As dramatic as it sounds, this is the world we are all navigating, albeit with different proximities to the crisis. Youth, in particular, hold a unique amount of the world’s weight as they work to find their place in the fight for an equitable, healthy, resilient future, all while often being too young to vote.
“Listening to young people offers an important perspective from someone who will be living in this world for the next 50 years.”
This endeavor is made increasingly complicated for rural youth, as the bridge between our lawmakers and the concerns of rural communities has not been masterfully constructed.
Following the 2016 presidential election, the Center for Information & Research on Civic Learning and Engagement (CIRCLE) at Tufts University conducted a study that found a majority of youth residing in rural areas live in what is called a “civic desert.”
A civic desert is an area characterized by a severe lack of access, opportunities, and resources designed to encourage civic engagement.
The lack of reliable public transportation, the limited financial and public infrastructure to invest in youth-focused groups and organizations, the geographical distance between rural youth and the space where a majority of civic resources take place, and inadequate political engagement on rural issues all are contributing factors to civic deserts being prominent in rural communities.

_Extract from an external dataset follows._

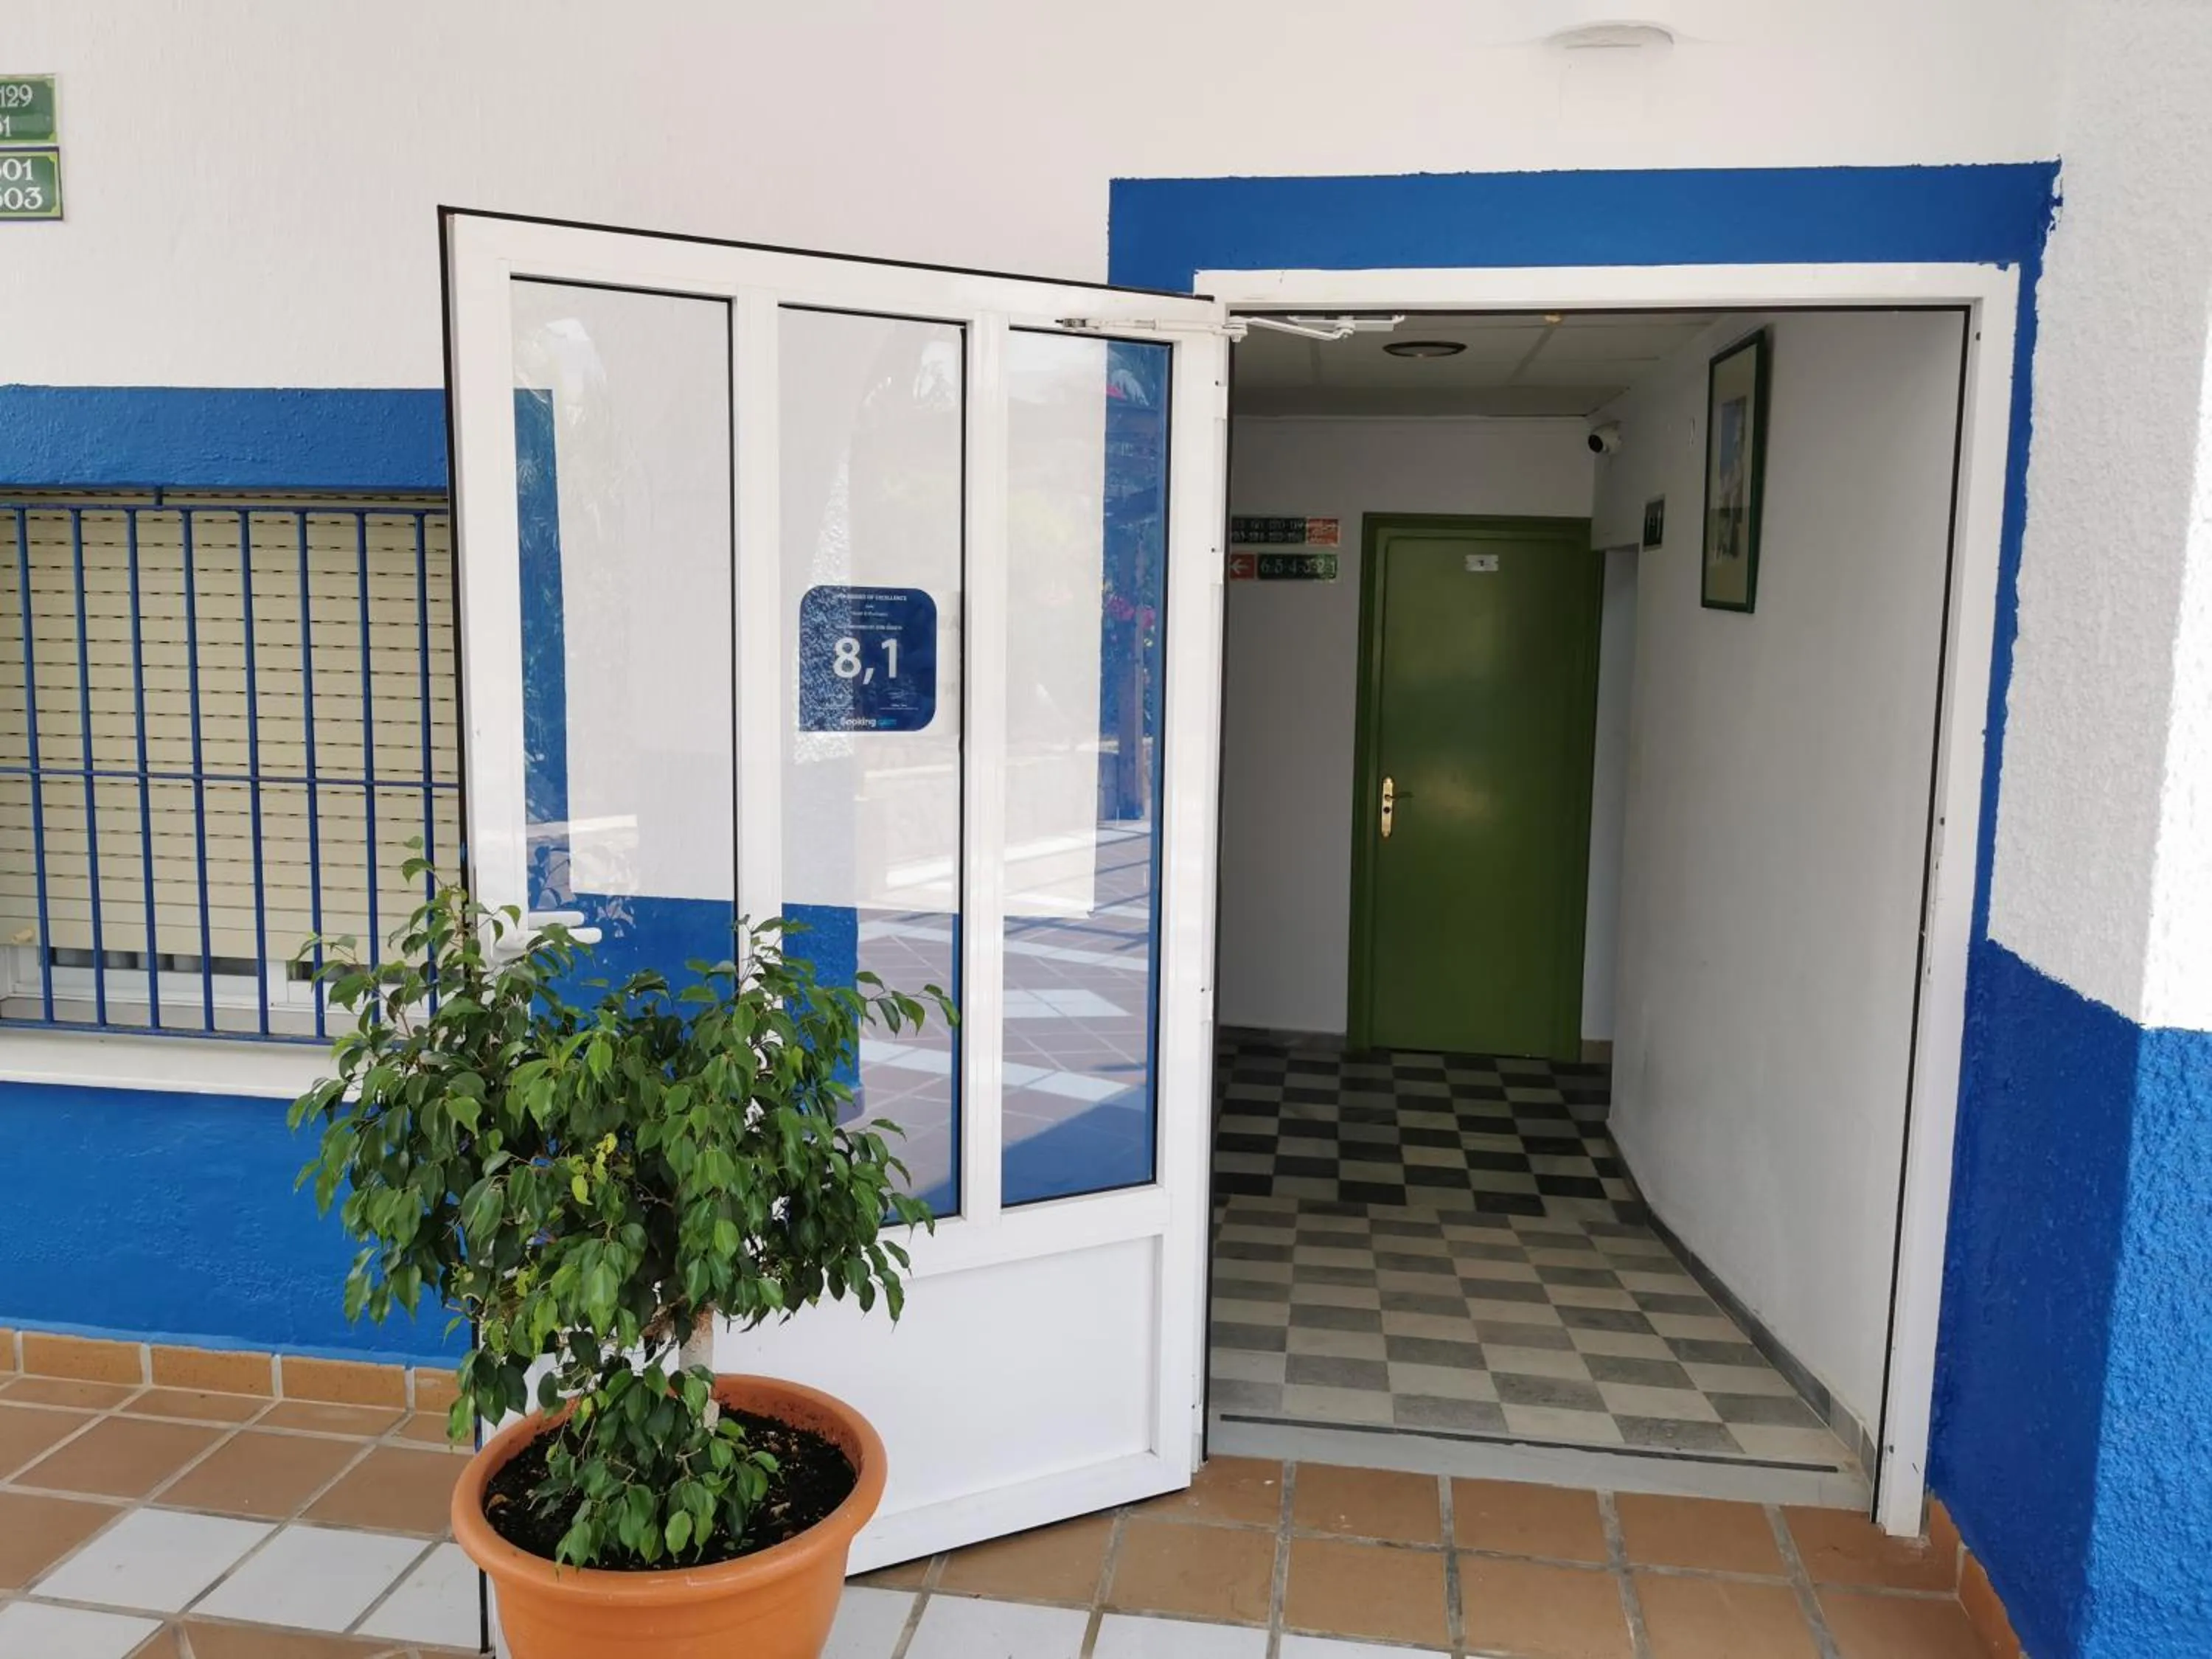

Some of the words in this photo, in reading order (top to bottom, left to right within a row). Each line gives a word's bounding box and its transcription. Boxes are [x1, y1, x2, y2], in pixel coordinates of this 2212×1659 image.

“There is not a large population of young people in rural areas to begin with,” said Edge Venuti, a Washington County-based rural youth organizer with JustME for JustUS, a youth-led organization advancing climate justice and civic engagement in Washington, Hancock, Penobscot, Franklin, and Kennebec counties.
“This makes traditional coalition building very difficult,” she says. “Additionally, due to our distance from the state house and any major city, rural youth may not know who their local representatives or law makers are.”
The study conducted by CIRCLE indicates that youth living in a civic desert are generally less experienced in civic and political life and largely disengaged from politics. This was true of my lived experience, in which the first time I learned of Maine’s legislative accomplishments and set-backs was during my junior year of high school when I attended Dirigo Girls State at Husson University. The opportunity came at a time I could drive myself, since my family was often too busy working to provide transportation to extracurriculars.
Perhaps the only good thing to come from the COVID pandemic was the increase in remote and digital-based organizing. Despite broadband limitations across rural America, the internet and social media have allowed new opportunities for civic participation in various organizations, coalitions, and social movements that are increasingly used by young folks.
In fact, social media has been used effectively as a tool for social justice activism in the wake of a global pandemic, the Black Lives Matter movement, and the very real fear around a changing climate.
Young folks possess many characteristics that make them powerful civic actors, not the least of which are their unique perspectives on local issues and being an inexhaustible source of energy and passion for social change.
“Listening to young people offers an important perspective from someone who will be living in this world for the next 50 years,” Venuti says. “Everything changes all the time and it’s important to listen to the younger generation because they understand the change while it is happening, and they do so very differently than the majority of our lawmakers.”
Putting the fears, questions, passions, and demands of our younger citizens at the heart of policy is when our representatives and lawmakers will have the most impact, because it is today’s youth who will define the next generation of politics.
Larissa Holland is development advisor for the nonprofit JustME for JustUS.